__Assignment__: Make a verbatim transcription of the records, without the pictures.

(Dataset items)
════════
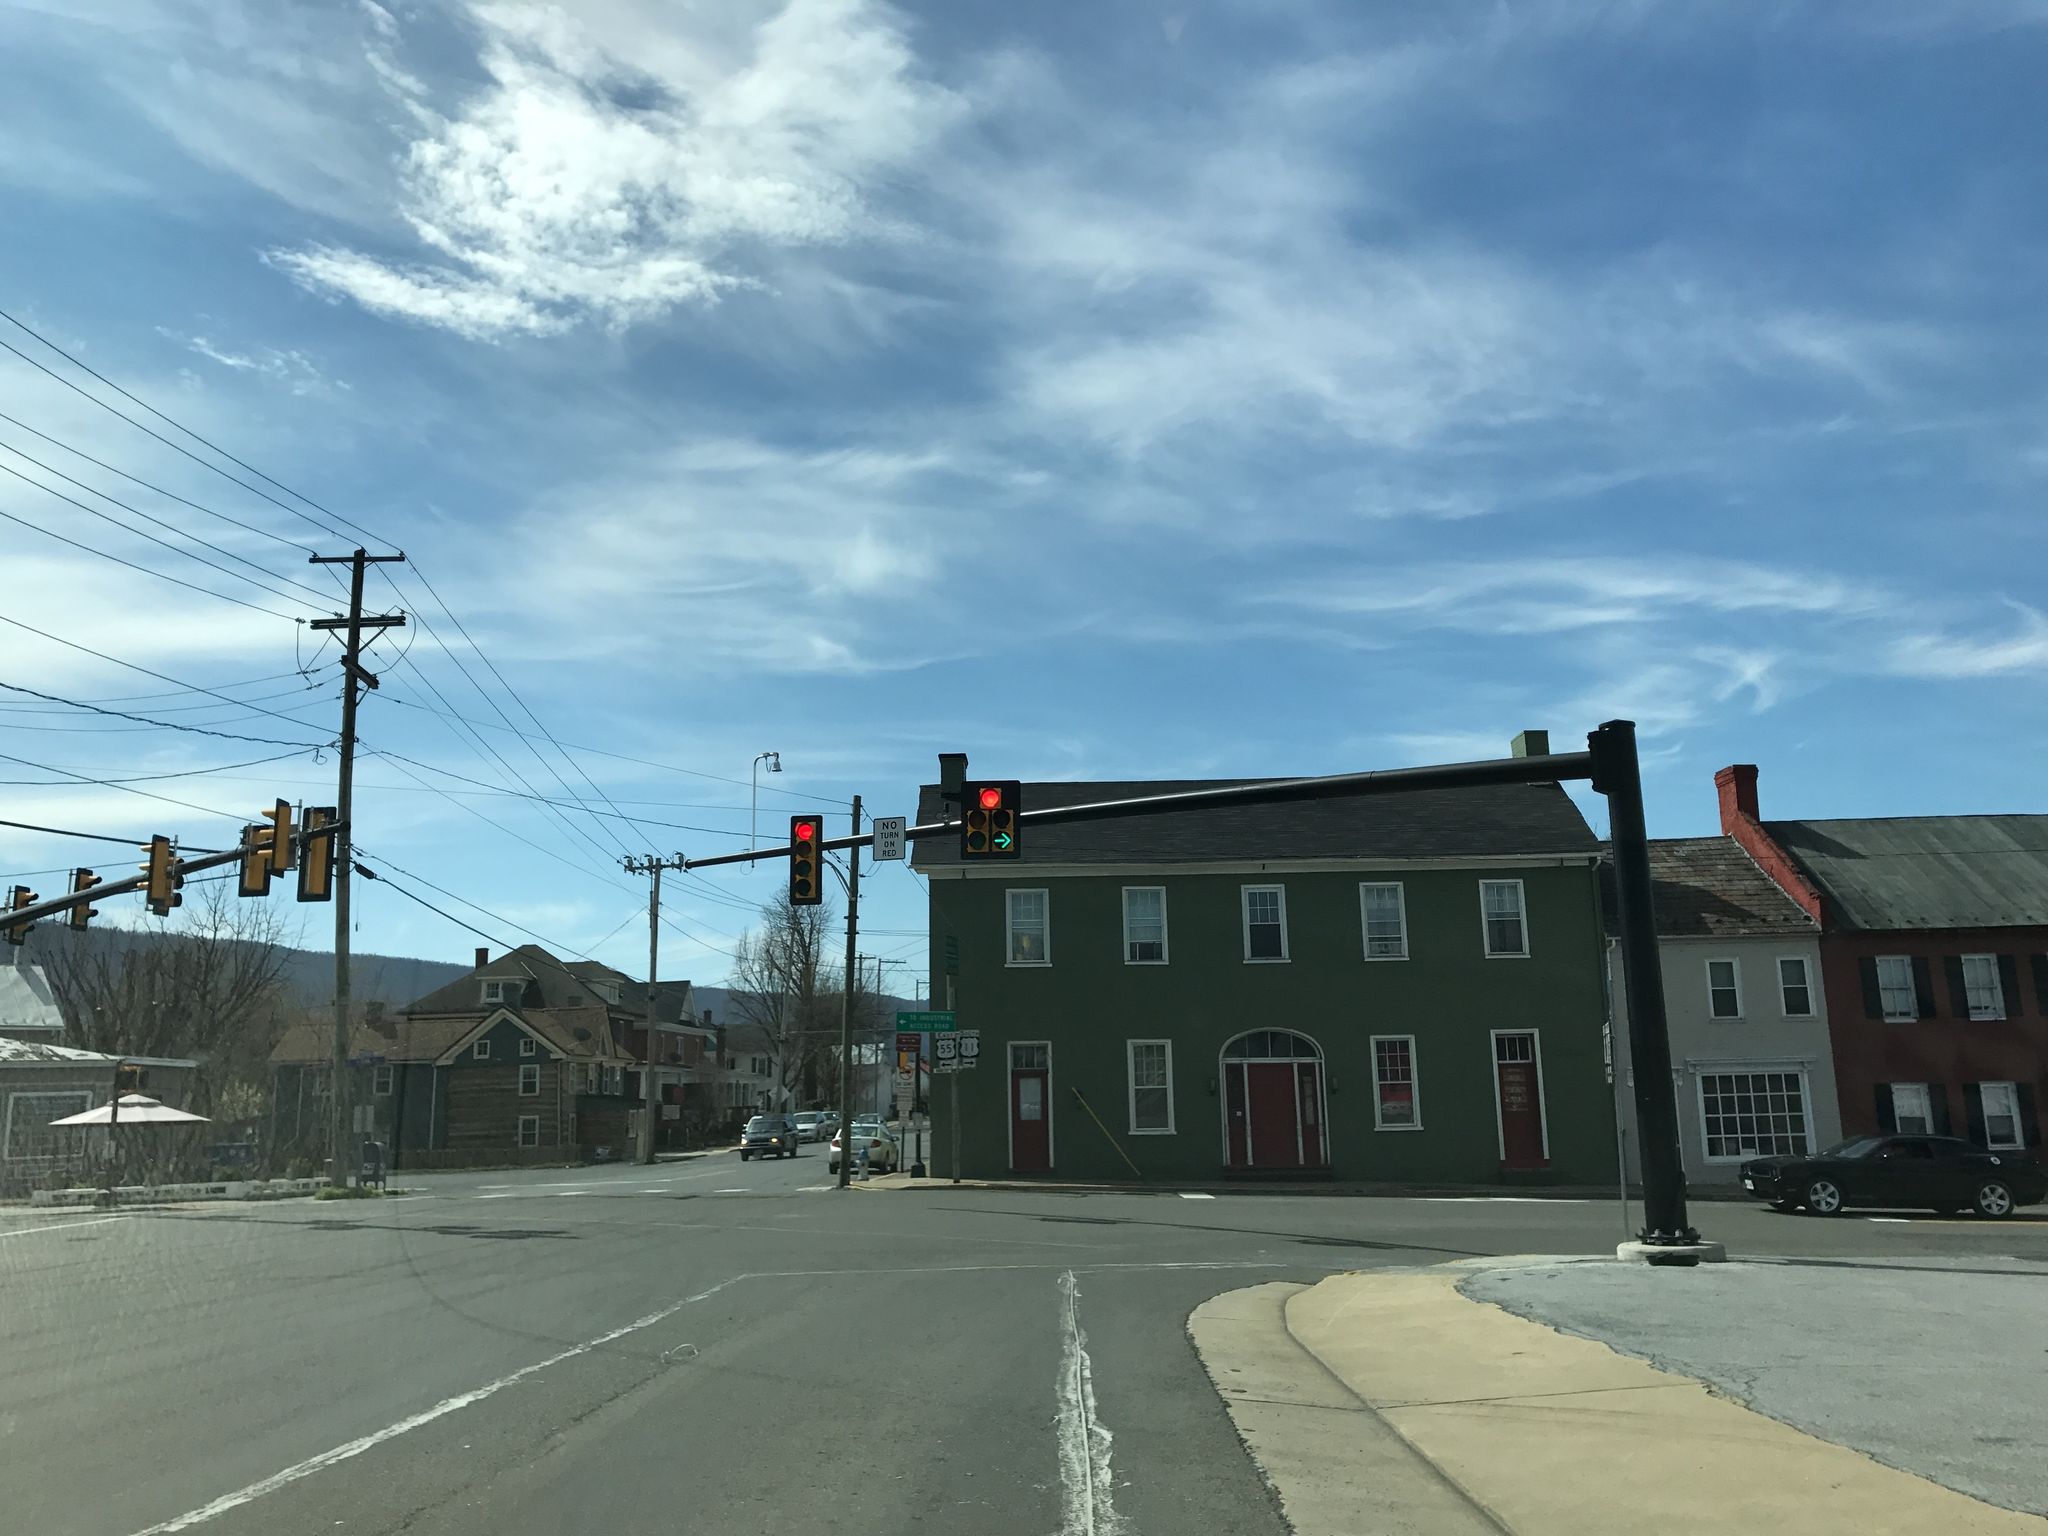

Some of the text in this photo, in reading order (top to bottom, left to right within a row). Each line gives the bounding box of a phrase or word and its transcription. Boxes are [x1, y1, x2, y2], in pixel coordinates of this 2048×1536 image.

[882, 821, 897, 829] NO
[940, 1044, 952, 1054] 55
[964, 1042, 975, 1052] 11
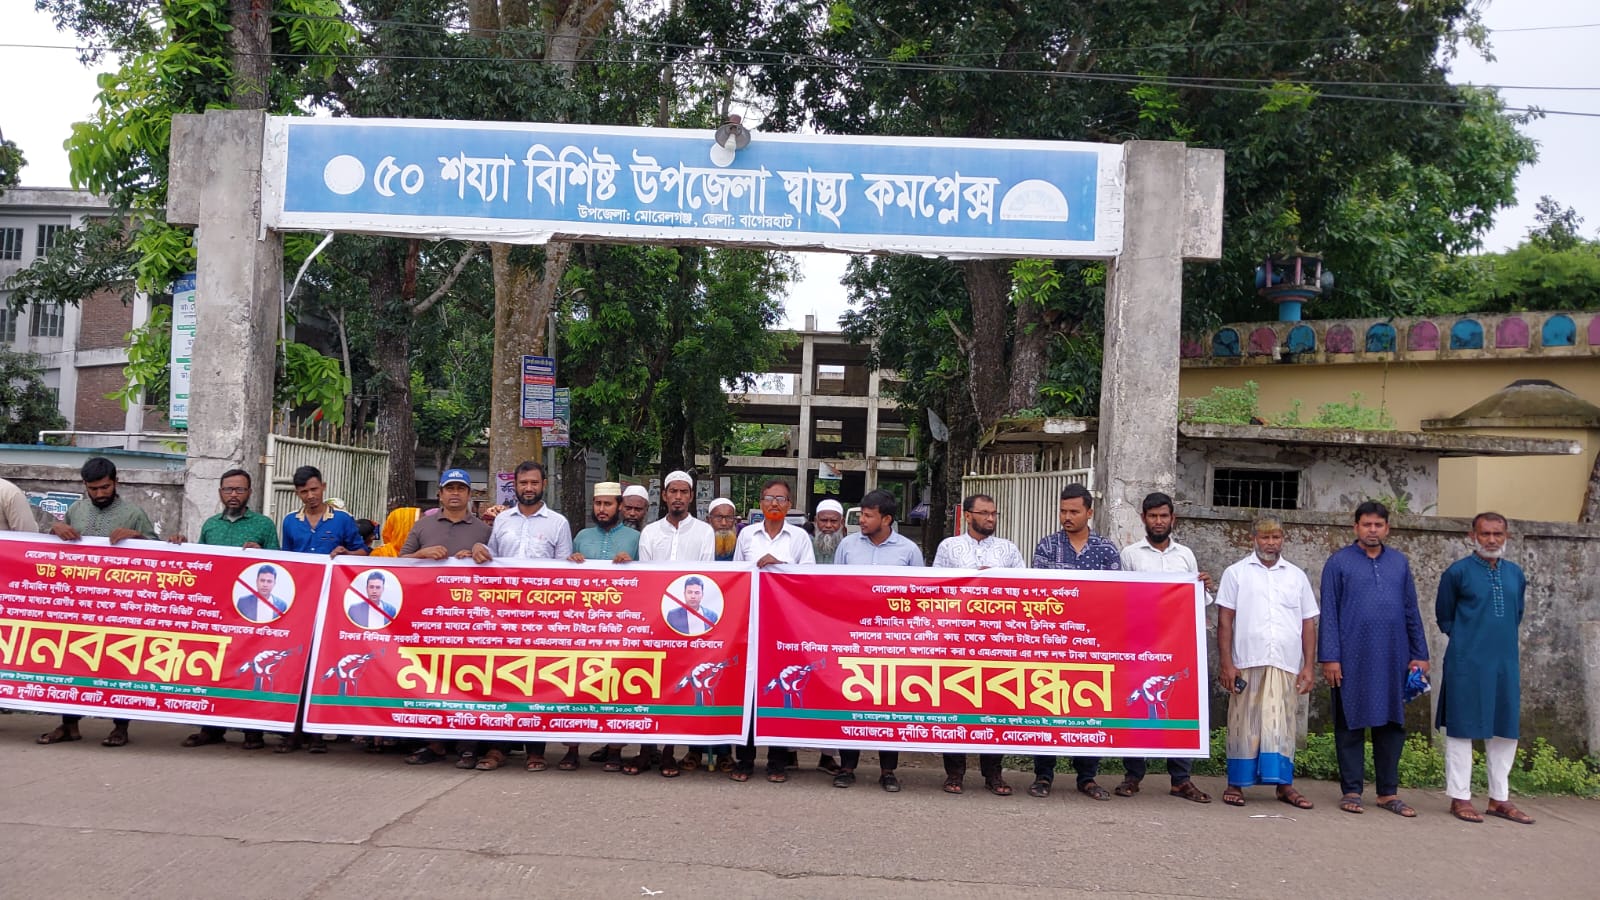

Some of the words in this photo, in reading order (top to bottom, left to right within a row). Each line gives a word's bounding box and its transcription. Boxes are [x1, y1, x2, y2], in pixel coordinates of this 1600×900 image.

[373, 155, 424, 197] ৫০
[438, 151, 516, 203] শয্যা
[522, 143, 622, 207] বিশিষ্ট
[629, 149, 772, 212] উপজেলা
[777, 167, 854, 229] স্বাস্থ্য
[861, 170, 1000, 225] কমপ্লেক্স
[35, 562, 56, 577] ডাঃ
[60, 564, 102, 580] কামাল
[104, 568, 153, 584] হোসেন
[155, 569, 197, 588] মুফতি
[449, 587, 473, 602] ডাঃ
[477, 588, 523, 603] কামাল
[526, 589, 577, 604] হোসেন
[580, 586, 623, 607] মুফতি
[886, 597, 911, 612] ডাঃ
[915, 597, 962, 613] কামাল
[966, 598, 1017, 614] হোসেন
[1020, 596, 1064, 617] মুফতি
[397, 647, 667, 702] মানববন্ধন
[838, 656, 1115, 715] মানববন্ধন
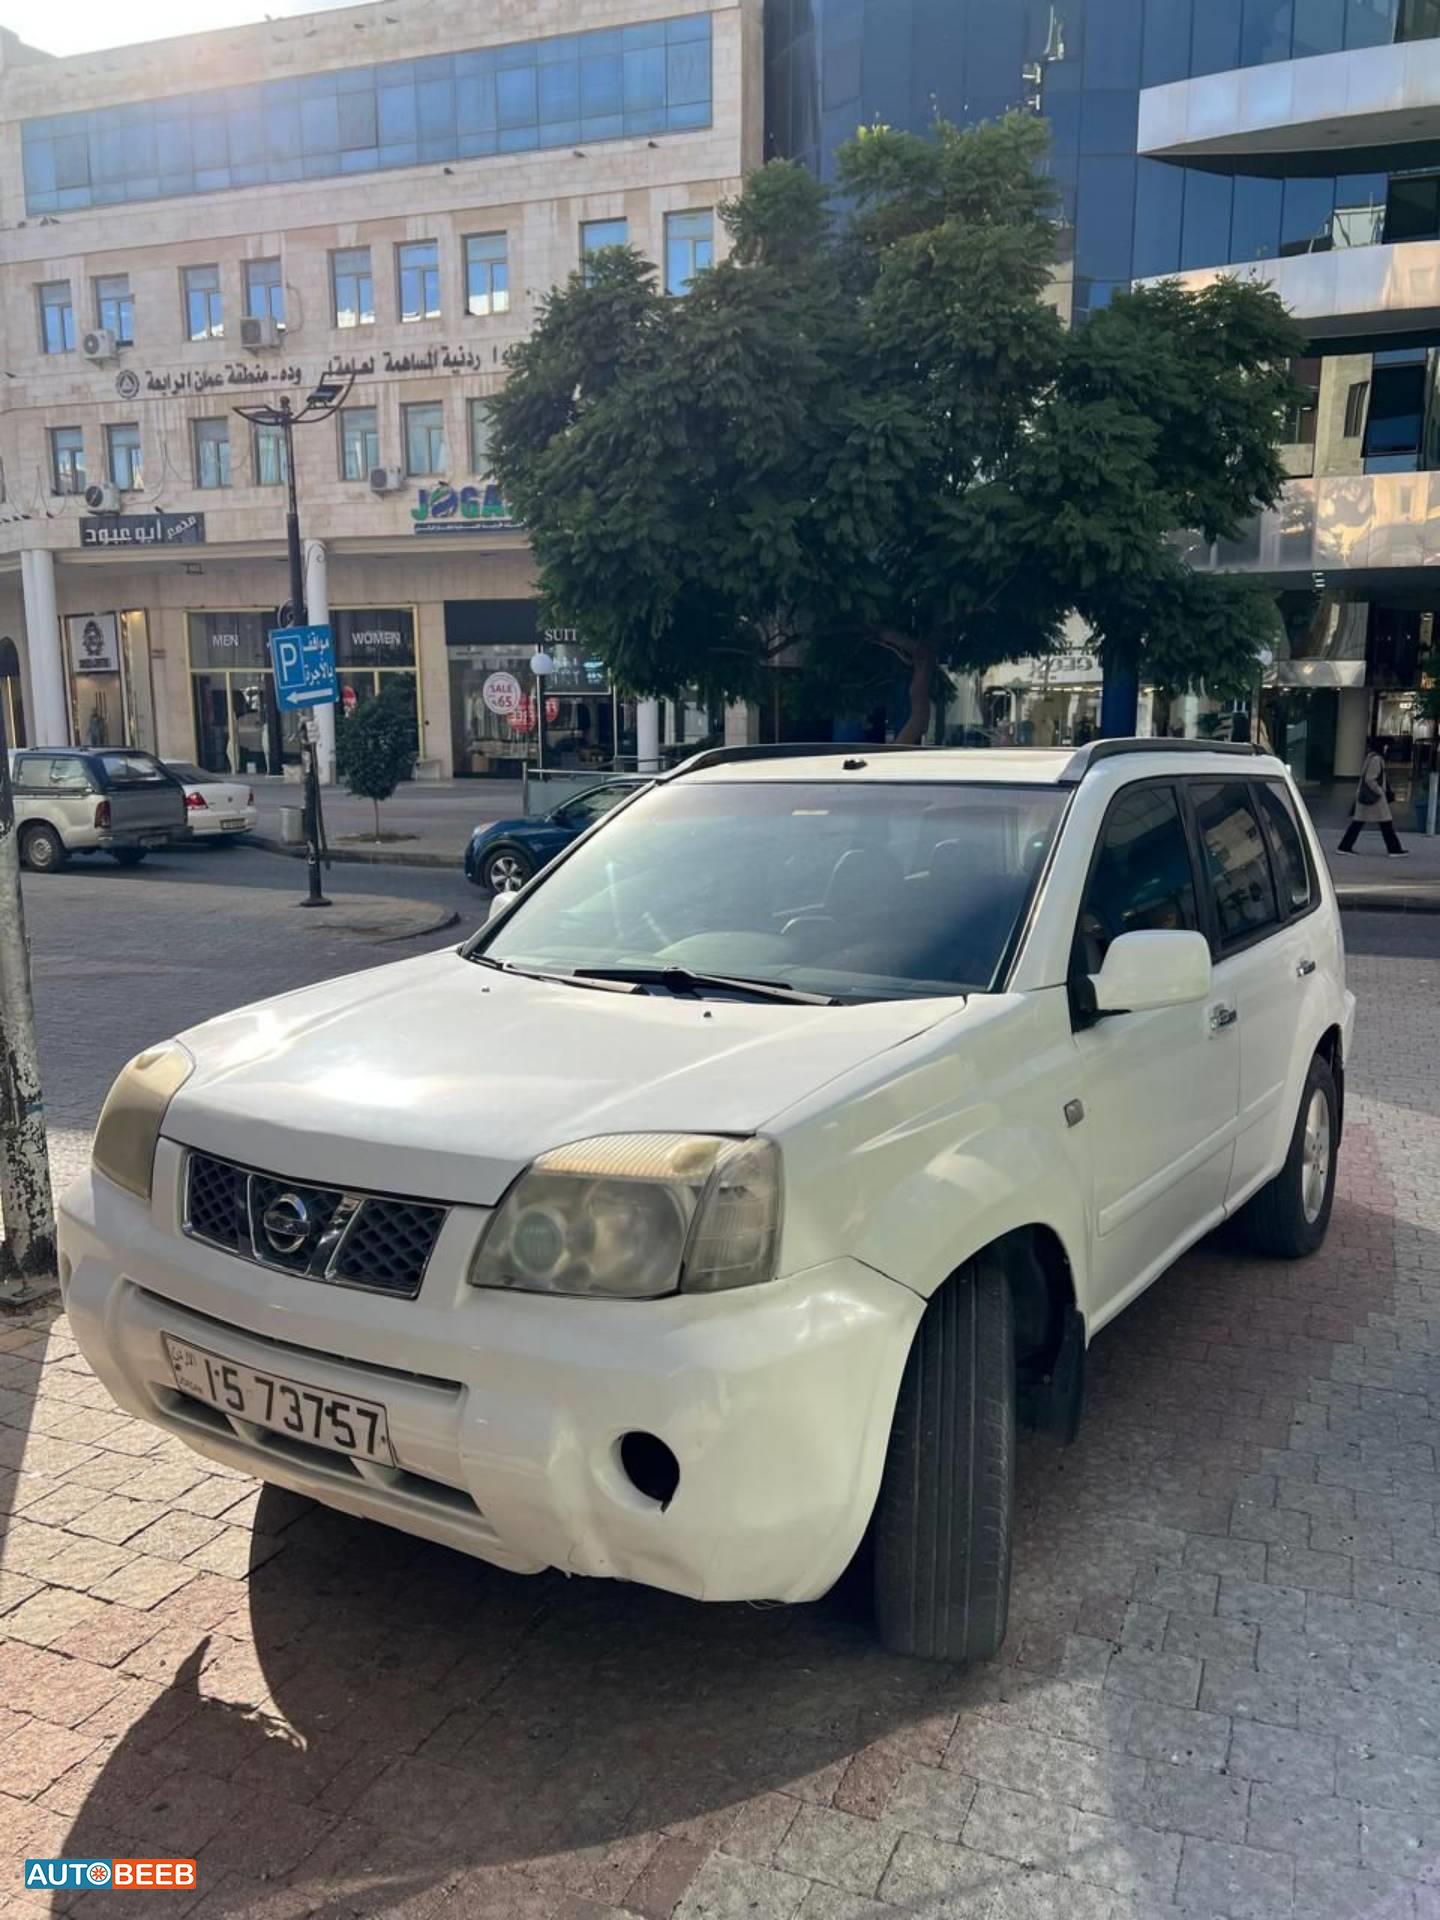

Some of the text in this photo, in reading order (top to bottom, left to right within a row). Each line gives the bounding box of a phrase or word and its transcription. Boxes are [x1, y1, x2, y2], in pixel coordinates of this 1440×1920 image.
════════
__The completed task__:
Some of the text in this photo, in reading order (top to bottom, left to right within a row). Each line gives the bounding box of a phrase or word and its transcription. Boxes are [x1, y1, x2, y2], in pixel coordinates of this 2048×1536 image.

[882, 821, 897, 829] NO
[940, 1044, 952, 1054] 55
[964, 1042, 975, 1052] 11

Some of the words in this photo, in reading order (top to bottom, left to right within a row). Each line gives a word's bounding box and its transcription. Boxes are [x1, y1, x2, y2], in pixel coordinates of this 1600×900 image.

[373, 155, 424, 197] ৫০
[438, 151, 516, 203] শয্যা
[522, 143, 622, 207] বিশিষ্ট
[629, 149, 772, 212] উপজেলা
[777, 167, 854, 229] স্বাস্থ্য
[861, 170, 1000, 225] কমপ্লেক্স
[35, 562, 56, 577] ডাঃ
[60, 564, 102, 580] কামাল
[104, 568, 153, 584] হোসেন
[155, 569, 197, 588] মুফতি
[449, 587, 473, 602] ডাঃ
[477, 588, 523, 603] কামাল
[526, 589, 577, 604] হোসেন
[580, 586, 623, 607] মুফতি
[886, 597, 911, 612] ডাঃ
[915, 597, 962, 613] কামাল
[966, 598, 1017, 614] হোসেন
[1020, 596, 1064, 617] মুফতি
[397, 647, 667, 702] মানববন্ধন
[838, 656, 1115, 715] মানববন্ধন

Some of the text in this photo, in reading order (top to bottom, left to right within a row). Each line gives the bounding box of a phrase or word and its transcription. Boxes are [x1, y1, x2, y2], in pixel coordinates of this 1440×1920 image.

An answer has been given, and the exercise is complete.